▶ Task details:
Each record below should be returned exactly, with its pictures left out.

═════ Records to process

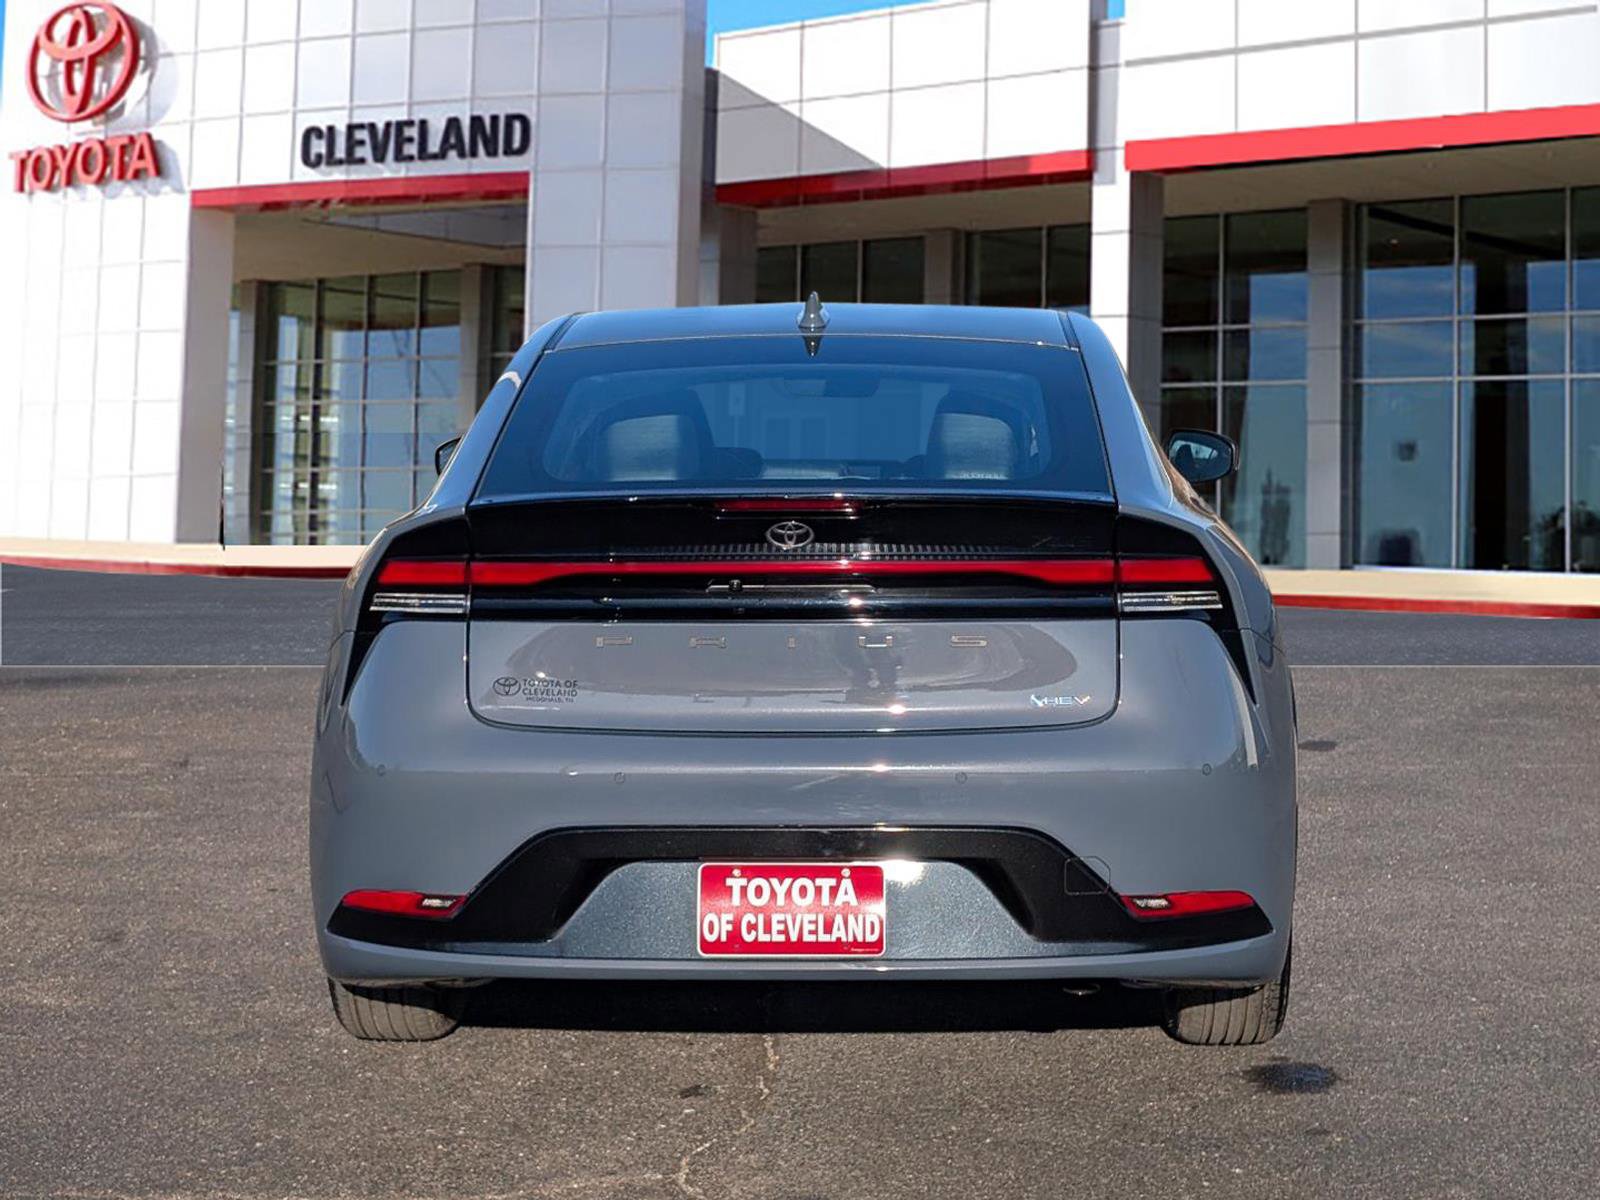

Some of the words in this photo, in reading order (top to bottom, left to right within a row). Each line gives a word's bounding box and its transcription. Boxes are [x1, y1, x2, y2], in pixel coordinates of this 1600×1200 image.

[301, 113, 531, 169] CLEVELAND
[9, 132, 160, 193] TOYOTA
[522, 679, 561, 688] TOYOTA
[564, 680, 578, 688] OF
[522, 688, 578, 697] CLEVELAND
[725, 877, 858, 907] TOYOTA
[703, 913, 733, 942] OF
[741, 912, 880, 943] CLEVELAND

══════════

▶ Answer area:
Some of the words in this photo, in reading order (top to bottom, left to right within a row). Each line gives a word's bounding box and its transcription. Boxes are [x1, y1, x2, y2], in pixel coordinates of this 1600×1200 image.

[301, 113, 531, 169] CLEVELAND
[9, 132, 160, 193] TOYOTA
[522, 679, 561, 688] TOYOTA
[564, 680, 578, 688] OF
[522, 688, 578, 697] CLEVELAND
[725, 877, 858, 907] TOYOTA
[703, 913, 733, 942] OF
[741, 912, 880, 943] CLEVELAND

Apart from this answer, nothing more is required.